_Problem:_ Each record must be written out again exactly. Skip any picture it contains.

_Given data:_

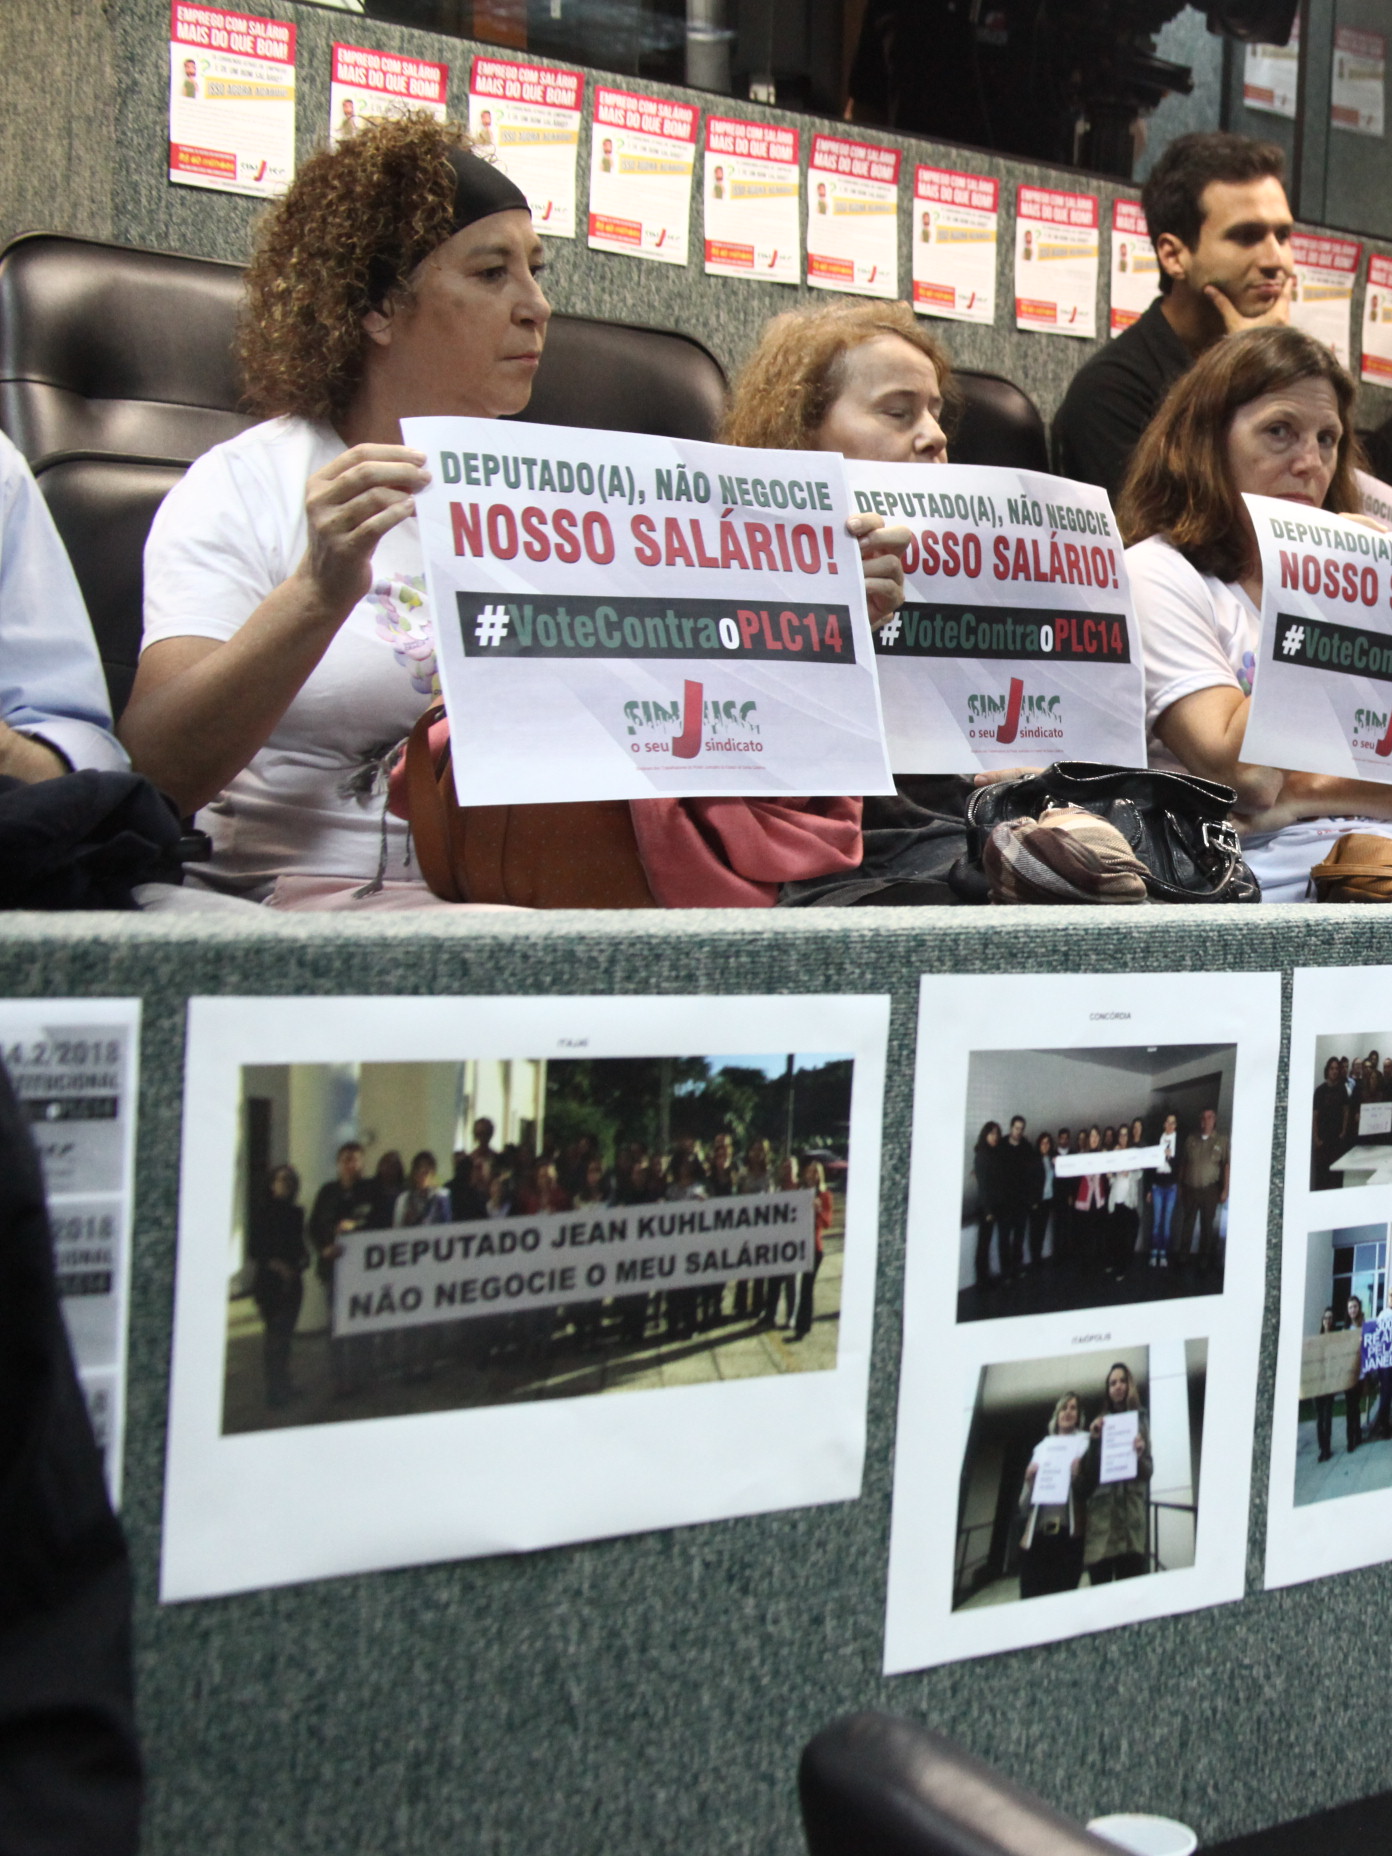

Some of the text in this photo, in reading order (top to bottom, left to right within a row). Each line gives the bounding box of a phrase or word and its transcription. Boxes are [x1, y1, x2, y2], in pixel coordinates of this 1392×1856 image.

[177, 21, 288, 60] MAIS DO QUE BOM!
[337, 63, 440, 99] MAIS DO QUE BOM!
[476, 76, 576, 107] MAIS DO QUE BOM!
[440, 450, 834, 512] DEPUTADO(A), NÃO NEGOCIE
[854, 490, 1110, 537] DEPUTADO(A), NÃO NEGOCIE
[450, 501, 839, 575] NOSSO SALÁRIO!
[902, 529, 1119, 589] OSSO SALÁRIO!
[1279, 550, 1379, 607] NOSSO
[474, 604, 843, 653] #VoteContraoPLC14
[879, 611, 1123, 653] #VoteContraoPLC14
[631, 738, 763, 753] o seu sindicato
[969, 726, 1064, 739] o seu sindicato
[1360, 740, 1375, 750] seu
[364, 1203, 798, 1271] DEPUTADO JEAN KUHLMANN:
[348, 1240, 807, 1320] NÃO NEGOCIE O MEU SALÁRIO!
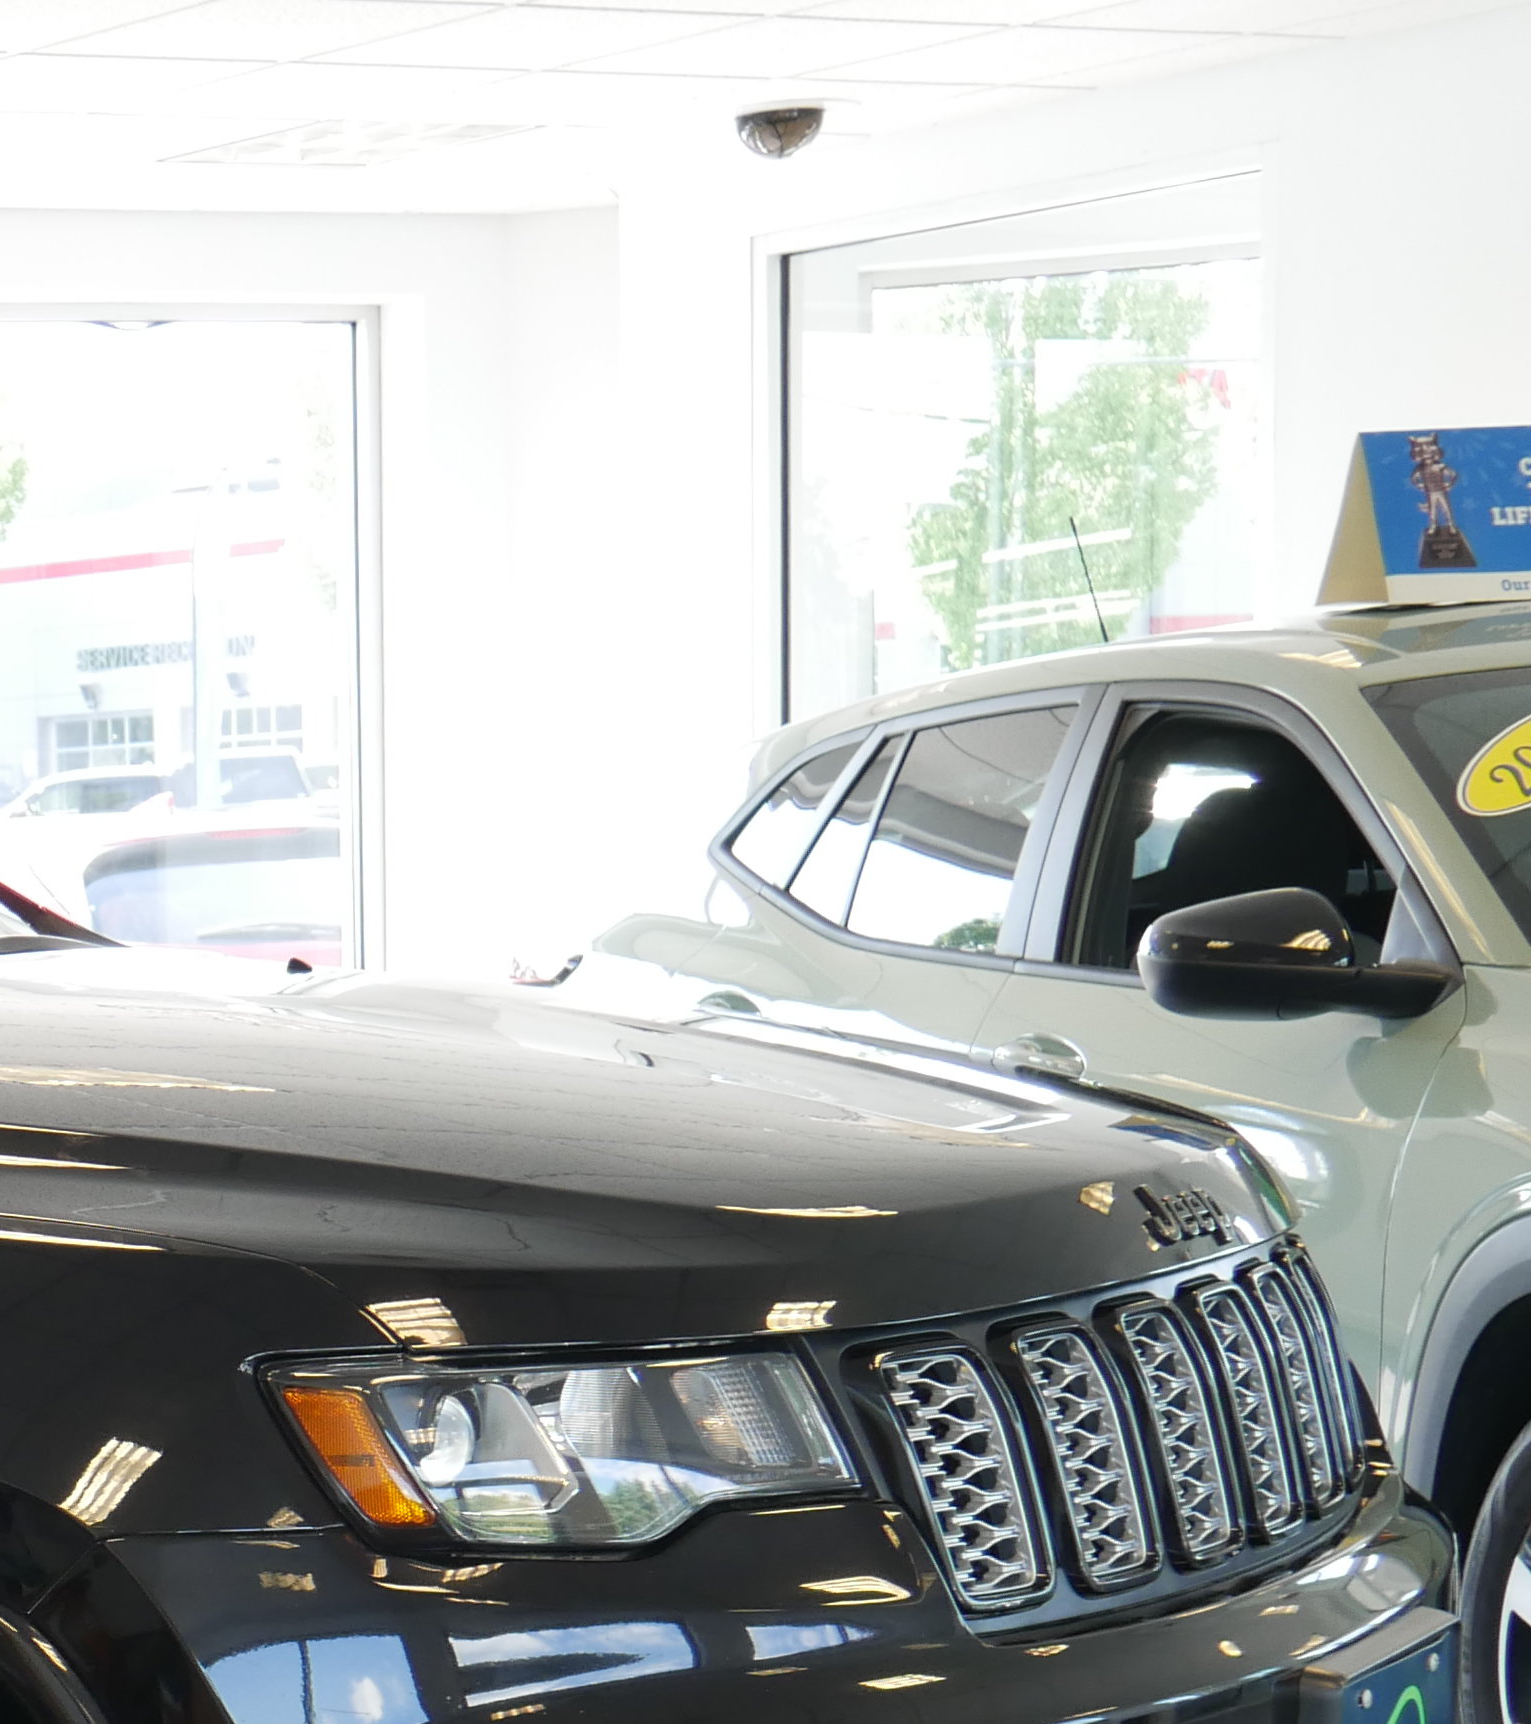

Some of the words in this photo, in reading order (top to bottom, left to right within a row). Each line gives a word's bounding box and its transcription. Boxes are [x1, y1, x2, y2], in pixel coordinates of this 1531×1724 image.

_Solved exercise:_
Some of the text in this photo, in reading order (top to bottom, left to right within a row). Each line gives the bounding box of a phrase or word and its transcription. Boxes are [x1, y1, x2, y2], in pixel coordinates of this 1392×1856 image.

[177, 21, 288, 60] MAIS DO QUE BOM!
[337, 63, 440, 99] MAIS DO QUE BOM!
[476, 76, 576, 107] MAIS DO QUE BOM!
[440, 450, 834, 512] DEPUTADO(A), NÃO NEGOCIE
[854, 490, 1110, 537] DEPUTADO(A), NÃO NEGOCIE
[450, 501, 839, 575] NOSSO SALÁRIO!
[902, 529, 1119, 589] OSSO SALÁRIO!
[1279, 550, 1379, 607] NOSSO
[474, 604, 843, 653] #VoteContraoPLC14
[879, 611, 1123, 653] #VoteContraoPLC14
[631, 738, 763, 753] o seu sindicato
[969, 726, 1064, 739] o seu sindicato
[1360, 740, 1375, 750] seu
[364, 1203, 798, 1271] DEPUTADO JEAN KUHLMANN:
[348, 1240, 807, 1320] NÃO NEGOCIE O MEU SALÁRIO!

Some of the words in this photo, in reading order (top to bottom, left to right within a row). Each line gives a word's bounding box and its transcription. Boxes are [x1, y1, x2, y2], in pixel coordinates of this 1531×1724 image.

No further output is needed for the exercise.